A Chinese hacking group infiltrated the Forbes.com site in November and used it to launch targeted attacks against website visitors from U.S. banking and defense companies, a cybersecurity company said on Tuesday.
The attack took place over a period of several days, starting Nov. 28, and took advantage of unpatched vulnerabilities in Adobe Flash and Microsoft Internet Explorer 9, according to ISight Partners. The vulnerability was kept quiet until Tuesday, when Microsoft issued a patch to plug the security hole in its web browser. Adobe had previously published a patch for Flash.
The attack used a Flash vulnerability and was launched from the "Thought of the day" Flash widget that appears when people first visit the financial magazine's site, said Invincea, a second cybersecurity company that independently detected the attack.
ISight said the attack has the fingerprints of a Chinese hacking group known by security researchers as either Codoso or Sunshop Group. It said technical indicators in the malware as well as use of the same undisclosed vulnerabilities as used in other hacks by Chinese groups led to this conclusion.

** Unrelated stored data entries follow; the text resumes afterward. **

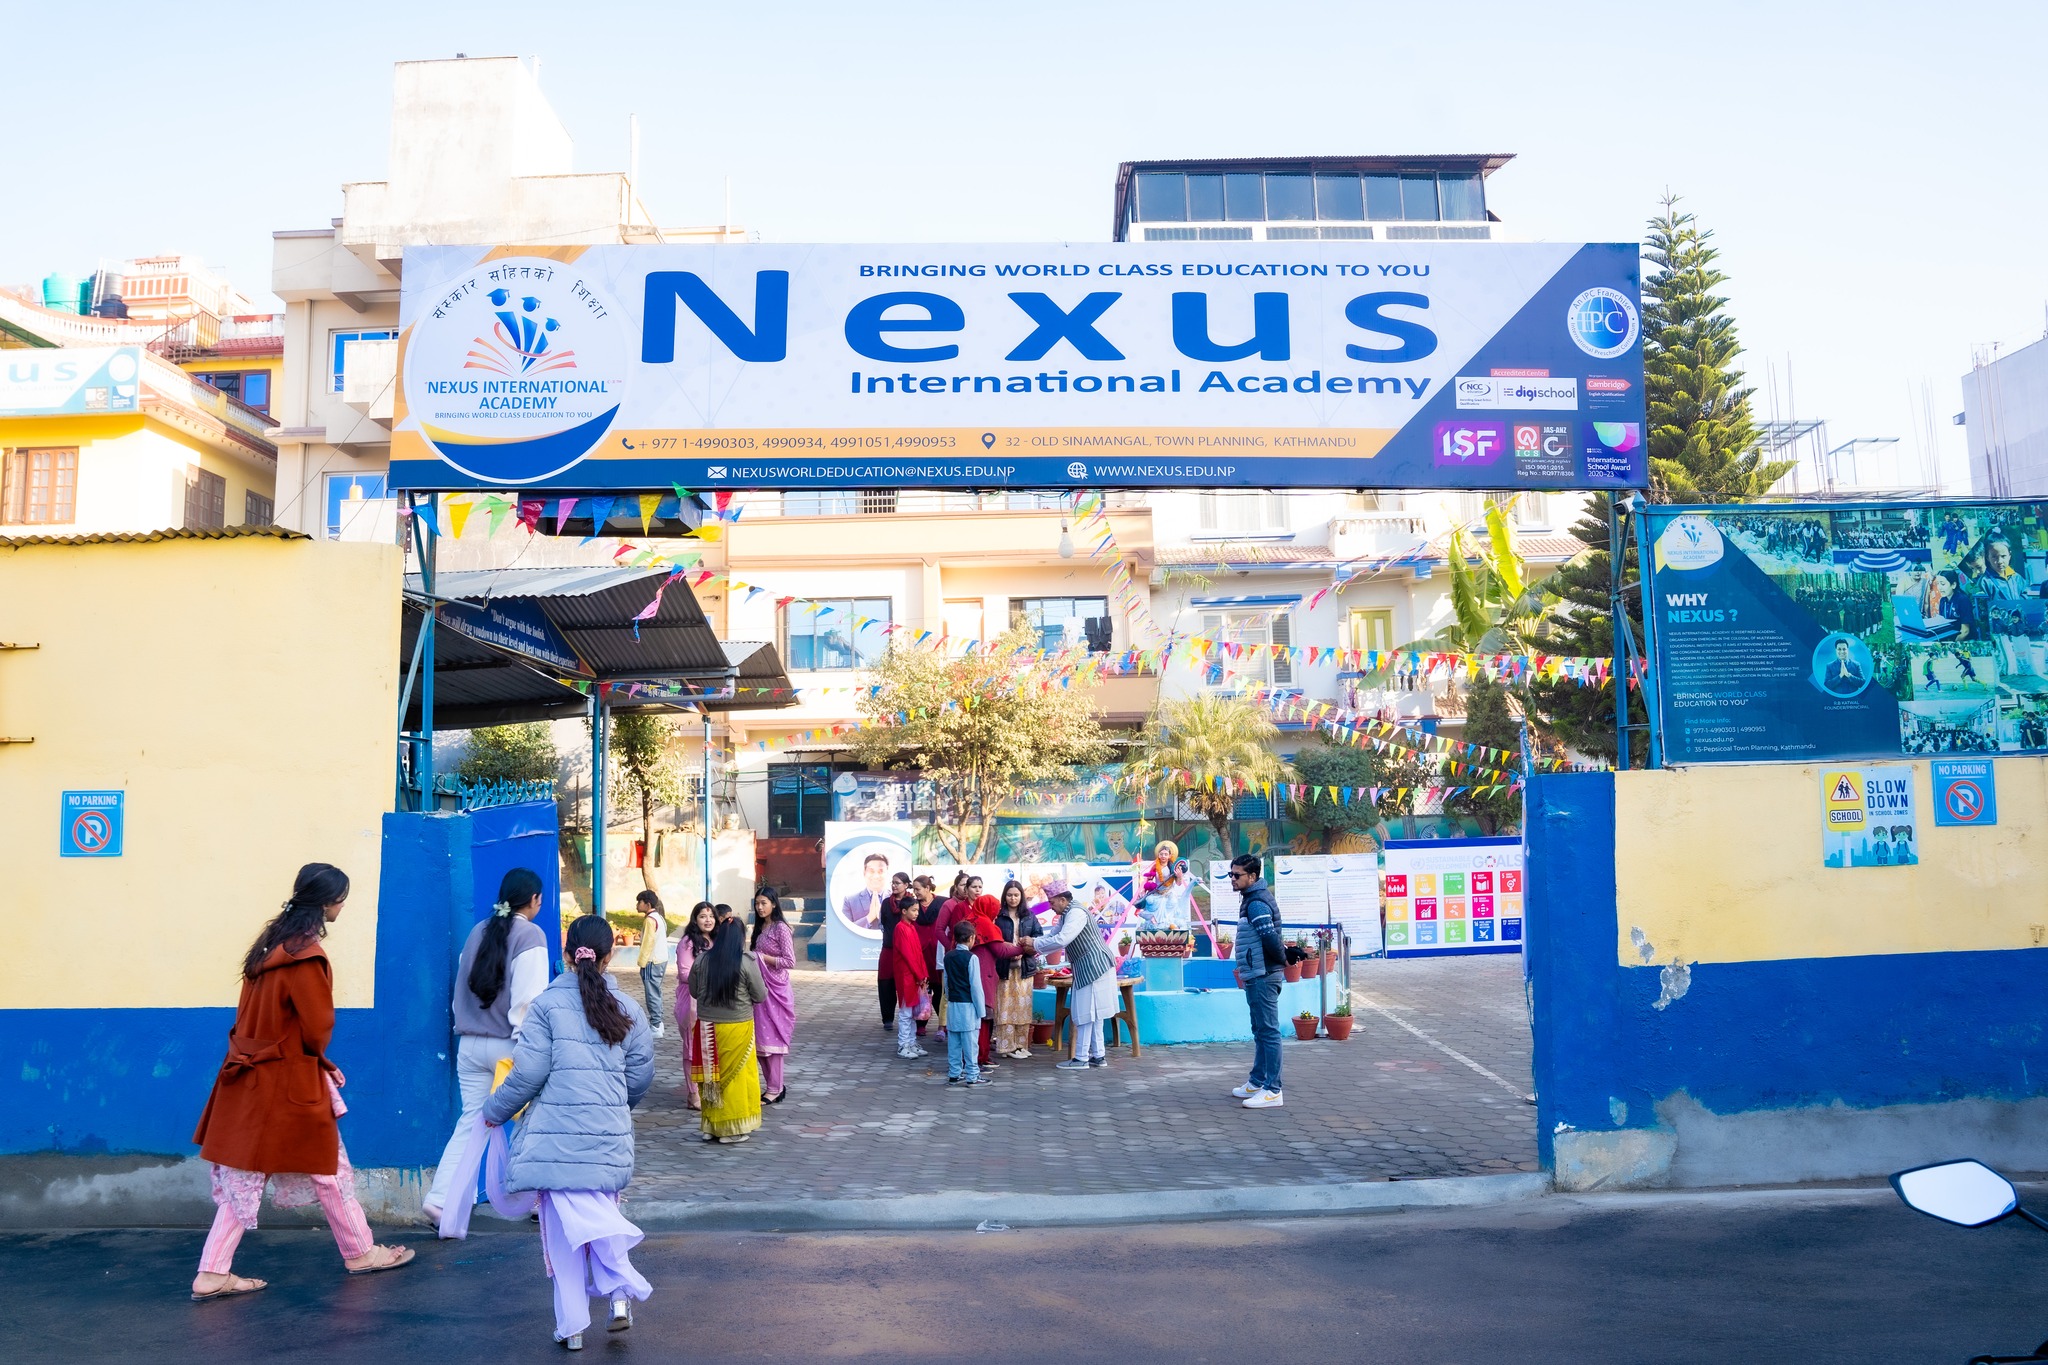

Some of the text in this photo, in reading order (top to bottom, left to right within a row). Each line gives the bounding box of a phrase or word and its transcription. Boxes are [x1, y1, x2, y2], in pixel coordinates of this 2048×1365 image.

[859, 264, 1431, 278] BRINGING WORLD CLASS EDUCATION TO YOU
[1572, 289, 1632, 311] An IPC Franchise
[641, 269, 1438, 364] Nexus
[1578, 310, 1624, 334] IPC
[1570, 322, 1636, 356] International Preschool Curriculum
[1493, 369, 1525, 377] Accredited
[427, 380, 608, 394] NEXUS INTERNATIONAL
[851, 369, 1432, 400] International Academy
[1588, 380, 1625, 390] Cambridge
[1515, 384, 1576, 401] digischool
[478, 396, 558, 410] ACADEMY
[522, 411, 564, 419] EDUCATION
[1543, 426, 1567, 434] JAS-ANZ
[651, 438, 677, 450] 977
[681, 437, 759, 451] 1-4990303,
[762, 437, 827, 451] 4990934,
[1005, 436, 1021, 447] 32
[1031, 436, 1060, 447] OLD
[1062, 436, 1152, 449] SINAMANGAL,
[1154, 436, 1195, 447] TOWN
[1198, 436, 1268, 448] PLANNING,
[1273, 436, 1357, 447] KATHMANDU
[1443, 429, 1497, 456] ISF
[732, 465, 1236, 479] NEXUSWORLDEDUCATION@NEXUS.EDU.NP WWW.NEXUS.EDU.NP
[1666, 592, 1709, 607] WHY
[1667, 608, 1738, 623] NEXUS ?
[508, 634, 519, 648] level
[518, 638, 526, 652] and
[1673, 692, 1713, 701] "BRINGING
[1743, 690, 1767, 698] CLASS
[1673, 699, 1717, 708] EDUCATION
[1729, 698, 1749, 706] YOU"
[1692, 727, 1736, 735] 977-1-4990303
[1693, 736, 1735, 745] nexus.edu.np
[1750, 744, 1780, 753] Planning,
[1780, 743, 1817, 751] Kathmandu
[1938, 764, 1987, 775] NO PARKING
[1866, 779, 1907, 795] SLOW
[68, 795, 118, 806] NO PARKING
[1867, 793, 1909, 809] DOWN
[1830, 810, 1862, 822] SCHOOL
[1426, 855, 1472, 864] SUSTAINABLE
[1472, 854, 1523, 869] GOALS

Among ISight's evidence: some of the malware code was written in simplified Chinese, used in mainland China, and it bore a resemblance to the "Derusbi" malware that is unique to Chinese hackers. The command system for the malware relied on an Internet domain previously used in Chinese hacks and pointed to web pages that had been used in Chinese attacks in the past.
The group has been active since at least 2010 and targets companies in the defense, finance and energy industries, governments, political dissidents and think tanks, said ISight.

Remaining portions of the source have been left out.